Flow limit function scripts should contain functions: getPlanLimitsInputs
to extract the limit function inputs from the dictionary of input data and planLimits
to check the preliminary flow against the flow limits and modify if needed. Each function's inputs and outputs are described below.
getPlanLimitsInputs()
# extracts timestep inputs for `planLimits`
def getPlanLimitsInputs(data, t):
# INPUTS
# data: dictionary of input time series from main simulation function
# keys are variable names and values are np.arrays of the time series of
# the variable values
# t: timestep from simulation for loop
# OUTPUTS
# x: dictionary with named key value pairs of hydrologic inputs at the
# timestep of interest
# code to extract, calculate, or format needed inputs for `planLimits`....
return x
planLimits()
# function to check (and modify) preliminary flow from release function
def planLimits(
qm,
prelimLevel,
prelimFlow,
prelimRegime,
x,
septemberRule,
):
# INPUTS
# qm: quarter-month from simulation for loop
# prelimLevel: release function calculated preliminary water level
# prelimFlow: release function calculated preliminary flow
# prelimRegime: release function calculated preliminary regime
# x: dict that is output from `getPlanLimitsInputs`
# septemberRule: "off" or the septemberRule function
# OUTPUTS
# dictionary with named key value pairs
# "ontFlow": checked outflow (could be release function or a limit flow)

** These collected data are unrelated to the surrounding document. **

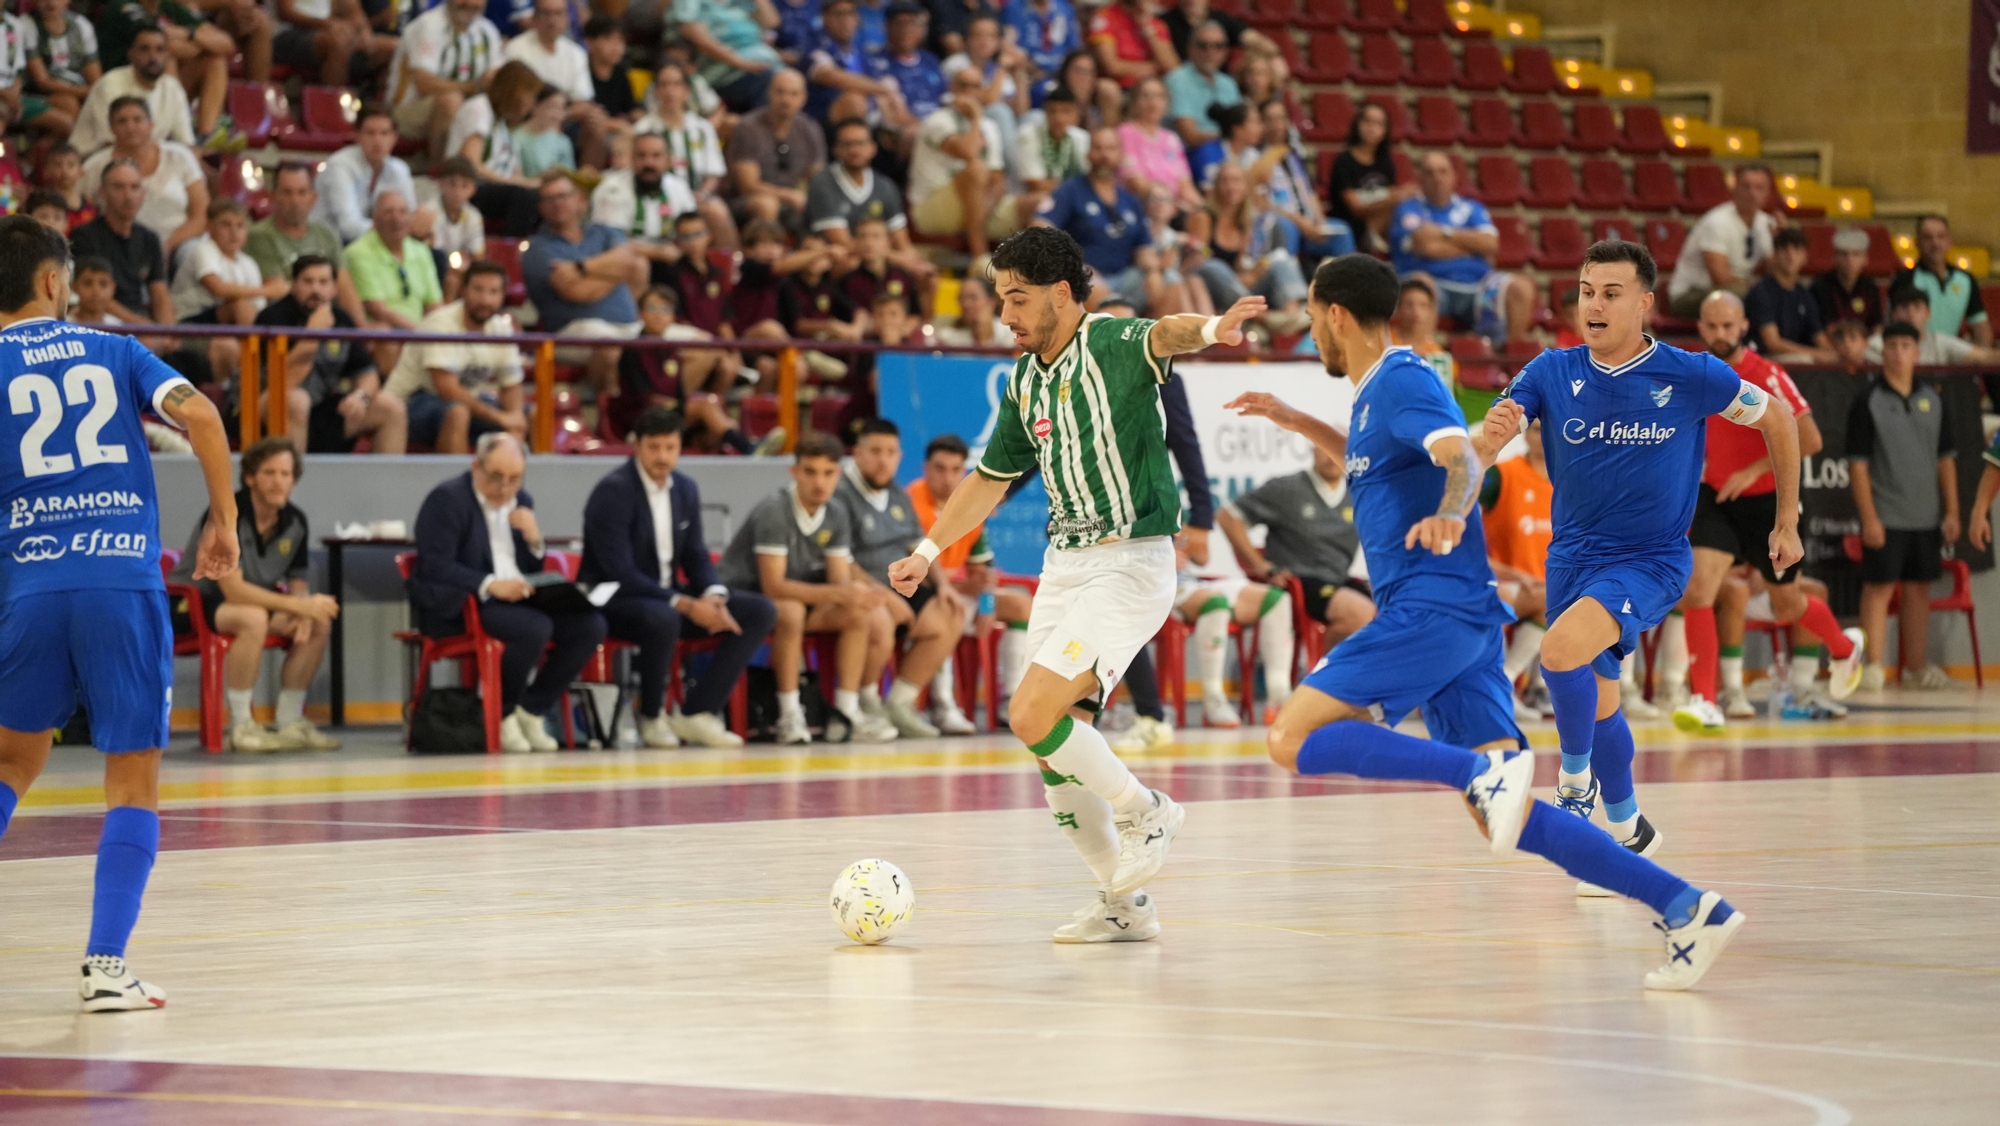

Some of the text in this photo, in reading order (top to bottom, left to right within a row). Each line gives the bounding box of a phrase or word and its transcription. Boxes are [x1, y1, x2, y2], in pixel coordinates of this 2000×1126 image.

[22, 340, 87, 367] KHALID
[8, 363, 129, 478] 22
[1588, 421, 1676, 444] el hidalgo
[1214, 423, 1312, 462] GRUPO
[40, 513, 74, 523] OBRAS
[71, 528, 147, 556] Efran
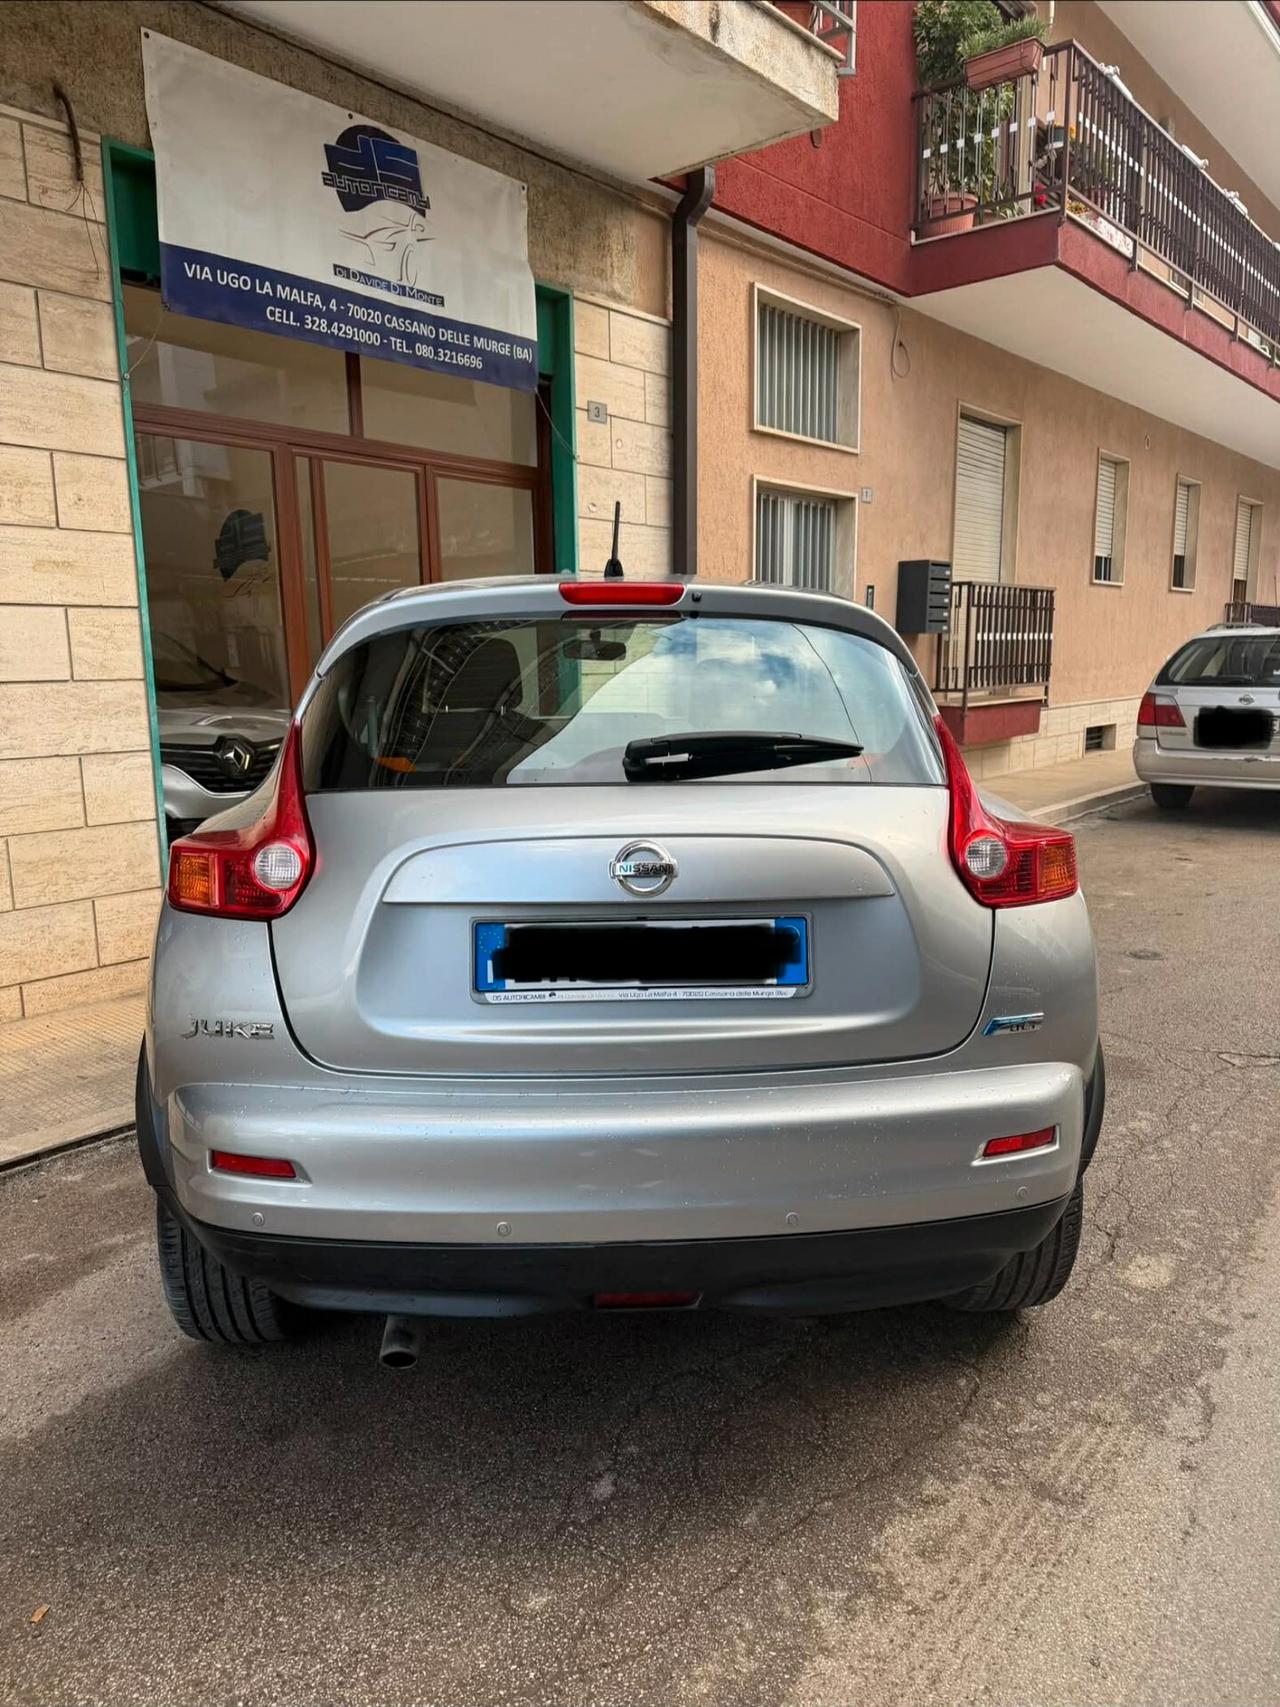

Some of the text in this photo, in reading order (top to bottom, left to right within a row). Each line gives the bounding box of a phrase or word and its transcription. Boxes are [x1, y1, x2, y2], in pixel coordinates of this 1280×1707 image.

[183, 262, 213, 282] VIA
[216, 269, 251, 291] UGO
[255, 279, 273, 297] LA
[276, 284, 327, 312] MALFA,
[329, 299, 337, 313] 4
[347, 303, 382, 325] 70020
[384, 314, 436, 339] CASSANO
[438, 328, 471, 347] DELLE
[473, 335, 511, 356] MURGE
[513, 344, 533, 364] (BA)
[266, 306, 301, 327] CELL.
[304, 315, 381, 346] 328.4291000
[389, 336, 413, 354] TEL.
[415, 342, 483, 370] 080.3216696
[594, 406, 600, 418] 3
[618, 864, 668, 874] NISSAN
[181, 1018, 275, 1040] JUKE

# "ontRegime": regime that outflow follows (could be "RF" or other)
# code to check against flow limits here....
return {"ontFlow": ontFlow, "ontRegime": ontRegime}
Examples for the Bv7 or Phase 2 updated Bv7 flow limit functions can found here. A blank template of a flow limit function can be found here.
Routing function scripts should contain functions: getStLawrenceRoutingInputs
to extract the routing function inputs from the dictionary of input data and stLawrenceRouting
to route the outflow through the system and determine water levels along Lake Ontario and the St. Lawrence River. Each function's inputs and outputs are described below.
getStLawrenceRoutingInputs()
# extracts timestep inputs for `stLawrenceRouting`
def getStLawrenceRoutingInputs(data, t):
# INPUTS
# data: dictionary of input time series from main simulation function
# keys are variable names and values are np.arrays of the time series of
# the variable values
# t: timestep from simulation for loop
# OUTPUTS
# x: dictionary with named key value pairs of hydrologic inputs at the
# timestep of interest
# code to extract, calculate, or format needed inputs for `stLawrenceRouting`....
return x
stLawrenceRouting()
# routes final outflow through system to calculate levels/flows along the St. Lawrence River
def stLawrenceRouting(ontLevel, ontFlow, x):
# INPUTS
# ontLevel: water level calculated with observed NTS and final release
# ontFlow: final outflow for timestep
# x: dictionary output from `getStLawrenceRoutingInputs`
# OUTPUTS
# dictionary with named key value pairs for relevant locations along the st. lawrence river (see below for all locations)
# code to calculate st. lawrence levels and flows ....
# save timestep in dictionary
levels = dict()
levels["stlouisFlow"] = stlouisFlow
levels["kingstonLevel"] = kingstonLevel_rounded
levels["alexbayLevel"] = alexbayLevel
levels["brockvilleLevel"] = brockvilleLevel
levels["ogdensburgLevel"] = ogdensburgLevel
levels["cardinalLevel"] = cardinalLevel
levels["iroquoishwLevel"] = iroquoishwLevel
levels["iroquoistwLevel"] = iroquoistwLevel
levels["morrisburgLevel"] = morrisburgLevel
levels["longsaultLevel"] = longsaultLevel
levels["saundershwLevel"] = saundershwLevel
levels["saunderstwLevel"] = saunderstwLevel
levels["cornwallLevel"] = cornwallLevel
levels["summerstownLevel"] = summerstownLevel
levels["lerybeauharnoisLevel"] = lerybeauharnoisLevel
levels["ptclaireLevel"] = ptclaireLevel
levels["jetty1Level"] = jetty1Level
levels["stlambertLevel"] = stlambertLevel
levels["varennesLevel"] = varennesLevel
levels["sorelLevel"] = sorelLevel
levels["lacstpierreLevel"] = lacstpierreLevel
levels["maskinongeLevel"] = maskinongeLevel
levels["troisrivieresLevel"] = troisrivieresLevel
levels["batiscanLevel"] = batiscanLevel
return levels
Examples for the routing function using SLON flows can found here. A blank template of a routing function can be found here.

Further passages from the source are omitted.